的确,开发者需要多花点时间去创造一些可靠的统计数据而实现这一目标。这可能需要你们团队中的作家投入更多时间去创造出可信的故事,对话或其它副本。但是并不是说这时候其他工作人员就无事可做了。我们经常能够看到,当开发人员被一些垃圾数据和笨拙的Lorem Ipsum牢牢控制着的时候,真实数据只会在最后才慢慢进入界面中,从而最终破坏了整个方案。

根据我的经验:设计师最好避免使用Lorem Ipsum。你需要尽早使用所有真实数据并将其带进你的设计过程中。如此你才能够创造出更加出色的最终产品,并推动着它走得更远。这么做的话你便能够带给更多人满足与愉悦。

反馈

今天让我们来说说用户反馈:也就是用户对于设计发展的影响。与其它元素不同,大多数资深设计师也很容易忽视反馈。因为他们总是更加相信自己的天赋和直觉,总觉得自己清楚所有创造前景。通常情况下,如果你想成为一名最优秀的设计师,你就需要掌握获得反馈的最佳方法,并明确反馈所呈现的形式。而一般的设计师则更倾向于将反馈当成整个设计过程中的一部分。对于他们来说,通过反馈所获得的经验教训不如意识元素重要,但却超越了方法视角。

Feedback(from bestcollegesonline)

Feedback(from bestcollegesonline)

创建原型

完善设计的最佳方法便是尽早创建原型,并在创造过程中更频繁地创建原型。这也是为何电子游戏设计师更愿意将编码(而不是美术或图像设计)当成个人技能的主要原因:为了明确某些理念是否有效,你就需要将其从脑子中提取出来并交给用户进行测试。

完美像素

为了有效地评估UI,你就必须在相对于成品(你所预想的)的适当位置上设置每个像素点。
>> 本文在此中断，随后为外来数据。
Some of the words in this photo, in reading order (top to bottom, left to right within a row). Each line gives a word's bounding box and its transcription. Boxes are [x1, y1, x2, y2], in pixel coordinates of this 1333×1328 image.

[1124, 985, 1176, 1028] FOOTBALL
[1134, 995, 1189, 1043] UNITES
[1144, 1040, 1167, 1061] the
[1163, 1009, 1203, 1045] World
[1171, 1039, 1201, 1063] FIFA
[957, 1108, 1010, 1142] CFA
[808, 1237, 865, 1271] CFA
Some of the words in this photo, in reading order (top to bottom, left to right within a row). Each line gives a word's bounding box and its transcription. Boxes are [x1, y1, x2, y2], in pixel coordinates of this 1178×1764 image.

这时候你便能够有效地区分游戏原型和UI原型。你必须先完成游戏原型的创建。也就是在获得最初理念的几天内先创造出游戏原型。这时候你不可能获得最完美的像素,因为“这只是尚未成熟的理念”与“还有许多事情要做,我们知道自己拥有一个很不错的理念,而现在就让我们去落实它”这两种想法之间存在着缺口。从根本上看来,UI便是用户“落实行动”的表现。而像素完美原理则是对这一点的支持。
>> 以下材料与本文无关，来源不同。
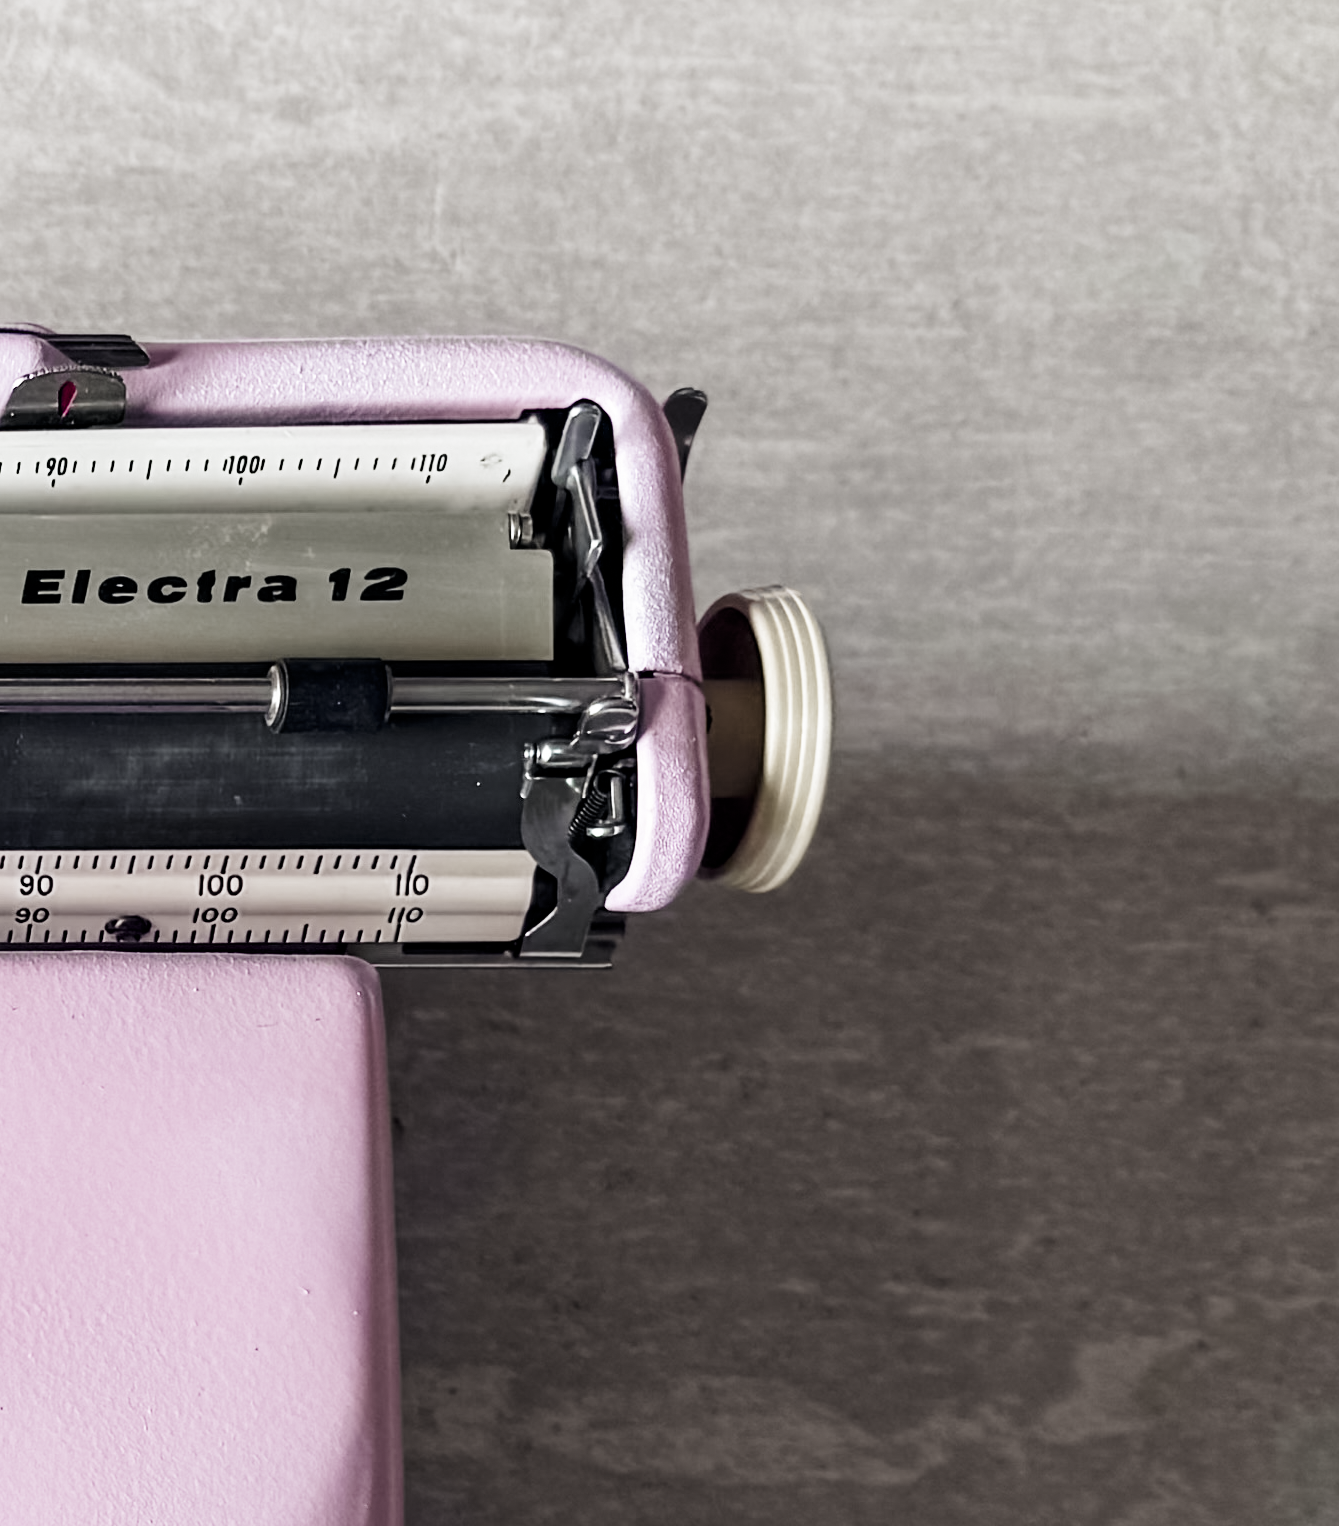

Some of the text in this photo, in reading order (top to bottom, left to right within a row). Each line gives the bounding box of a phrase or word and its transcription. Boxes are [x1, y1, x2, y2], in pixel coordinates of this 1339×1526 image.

[46, 457, 68, 477] 90
[229, 455, 261, 475] 100
[419, 453, 448, 472] 110
[21, 566, 408, 605] Electra 12
[19, 874, 54, 897] 90
[198, 873, 244, 897] 100
[395, 874, 430, 897] 110
[14, 907, 50, 924] 90
[192, 907, 239, 924] 100
[387, 906, 424, 926] 110
当你创造了一个可行的UI,你就需要为游戏设定一个方向,并清楚地定义UI中将出现哪些数据和功能,从而尽可能快速地实现完美像素。当然了,在此之后你可能还需要对某些内容进行修改或重新创造。也就是比起创造出一些粗糙的内容,达到完美像素需要花费更长的时间。但是这一切的投入都是值得的,因为你将能尽早获得正确且有效的用户反馈。反复的迭代与观察将能够帮你在成本中呈现出更加出色的UI。

大声地说出缺陷

反馈中自然也存在赞扬的空间,就像在青年足球联盟中,每个人都能获得奖杯!但是说实在的,对于设计师来说(包含UI设计),最有用的反馈应该是扯破脸说直话。说出自己喜欢的内容当然也有帮助,但是真正有效的反馈还是那些负面因素及其原因。如果你是接收反馈之人,最好能清清楚楚地告诉测试者直接说出对该设计的看法,不要顾及你的感受。毕竟你希望最终创造出真正优秀的作品,而不是暂时接受某些奉承但却最终获得一件糟糕的产品。而如果你是给予反馈之人,请务必提及任何你不喜欢的内容,并明白地解释其中的原因。如果你使用非常恭敬的语言去回馈设计师的糟糕设计,这并不可能带给他们任何正面的帮助。

利用自己的创造力

比起更加广泛的软件设计产业,游戏设计领域在这一点上表现得更好。测试软件设计的最佳方法便是在开发过程的早期阶段使用软件本身进行测试。一般情况下,创造团队中的成员总是喜欢使用自己所创造的内容。这么做不仅更加简单,而且还能够直接获得来自目标用户的反馈信息。可以说这是最理想的方法了。但是除此之外,你还必须重视那些不喜欢游戏的玩家们的意见。从这些玩家的反馈中你可以明确其他玩家和消费者对于游戏的看法。最重要的是,你将能够从中获得有关整体设计的最完整的反馈。

停止盲目寻求别人的认可

在我的职业生涯中曾经与100多名设计师直接合作过,其中不乏许多非常出色的人才。但是他们身上且并非总是闪烁着积极的光芒,也就是“他们都拥有设计师的共性。”其中一点便是不断取悦别人。也就是:设计师会因为上司或客户对某些内容不满意而熬夜修改。设计师会为了赢得别人的认可而加班加点,并投入更多成本。当然了,这也是一种高尚人格的表现,但是在残酷的商业世界中,这种特性有可能会阻碍他们的进一步发展。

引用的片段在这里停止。